Physicians might consider a few actionable steps to build an alliance with IT as a valued asset in delivery of care:

  • Meet the IT staff – Before or after clinic hours, outside the rush of patient load, organize introductions between internal IT Staff or representatives of outsource IT vendors. This (temporarily) removes administrative buffers to physician/IT interchange, and can help IT understand provider perspectives on technology and the practice of medicine.
  • Understand downstream IT vendors – The clinic relies not just on the people directly supporting the frontline, but myriad outside vendors – network carriers, EHR support groups, and specialists that focus on making the most expensive technology efficient.

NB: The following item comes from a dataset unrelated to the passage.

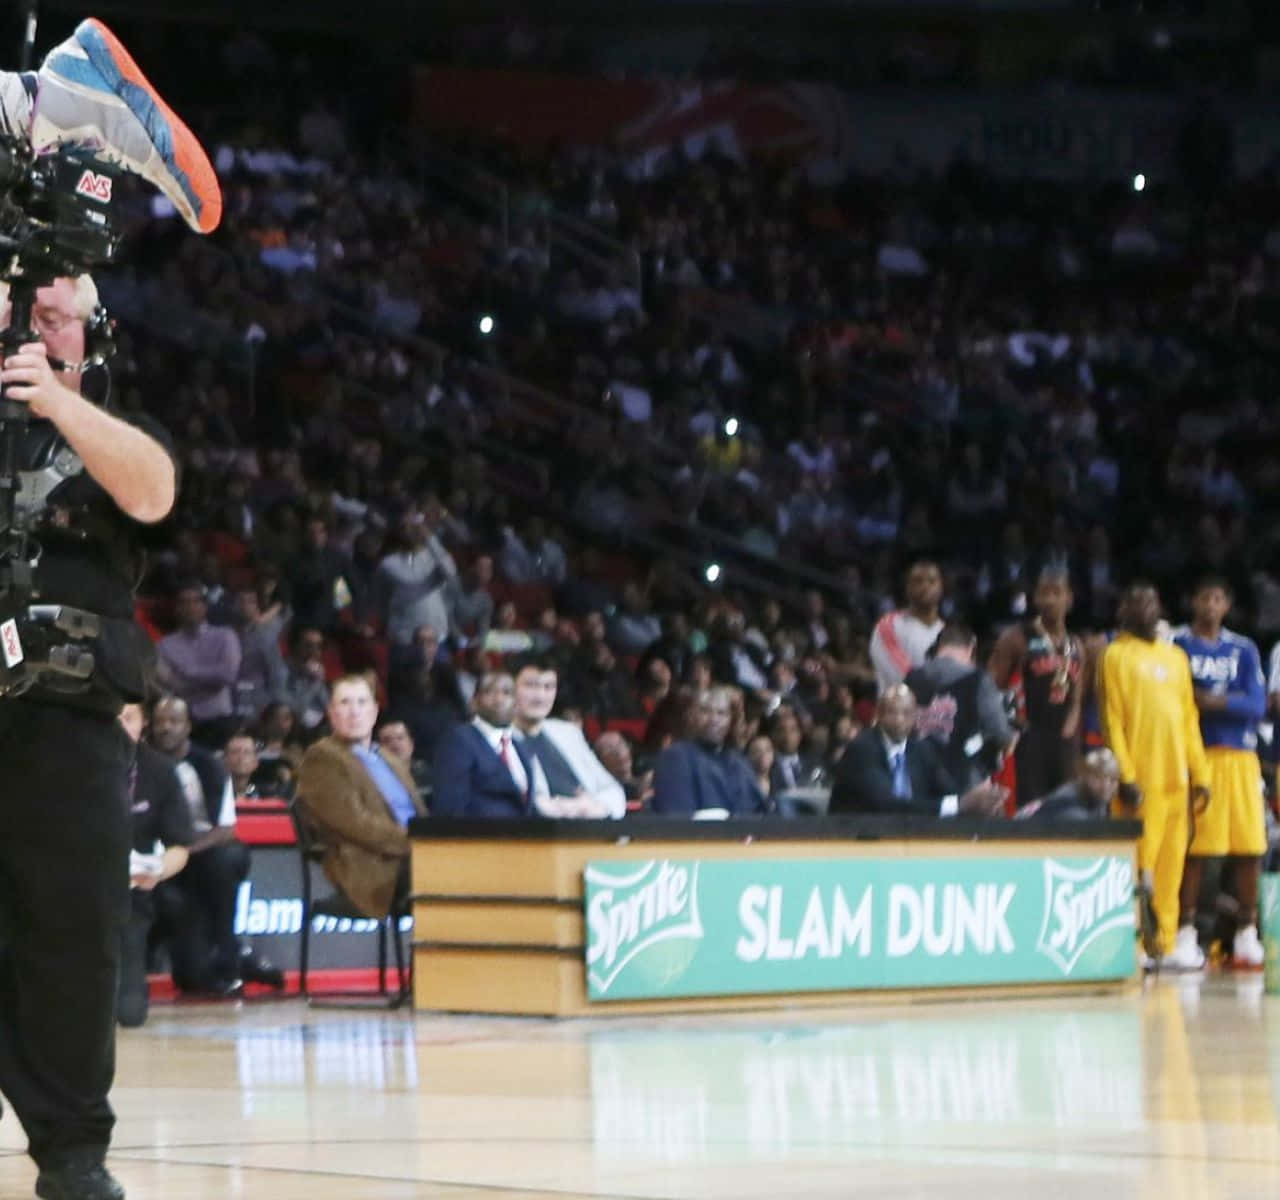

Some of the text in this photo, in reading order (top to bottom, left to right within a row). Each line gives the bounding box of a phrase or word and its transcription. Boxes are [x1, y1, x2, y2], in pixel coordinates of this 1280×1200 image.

[586, 857, 1134, 969] Sprite SLAM DUNK Sprite

Taking time to allow the frontline staff to educate providers on other links in the chain lowers staff on IT – providers now understand (at least at a management level) the complexity that is clinical IT.
  • If it doesn’t already exist as part of an outsource contract, have IT write a short Service Level Agreement – This is not a “gotcha” document but rather an explanation of what the clinic’s investment in IT is designed to produce in terms of uptime, performance, and reliability. Keeping it simple, it can be a discussion document that fosters candor in the trade-off between investment and system strength.
  • Give IT an occasional seat at the table – IT staffers are usually several org-chart steps removed from physician leadership – and that doesn’t need to change. But occasionally offering IT staffers the opportunity to present to the Board, the medical management team, or a group of physician tech-champions (without filtering through administrative leadership) can foster additional accountability, speed needed innovation, and help identify emerging issues before they become long-term chronic problems.

Physician practices face enough IT challenges even without misalignment of motivation in the IT vendors and staff. Using the few simple co-opting tactics detailed above, physicians can align the efforts of important allies in clinical practice, and take one more step in positioning tech as a facilitator, rather than a barrier, to patient care.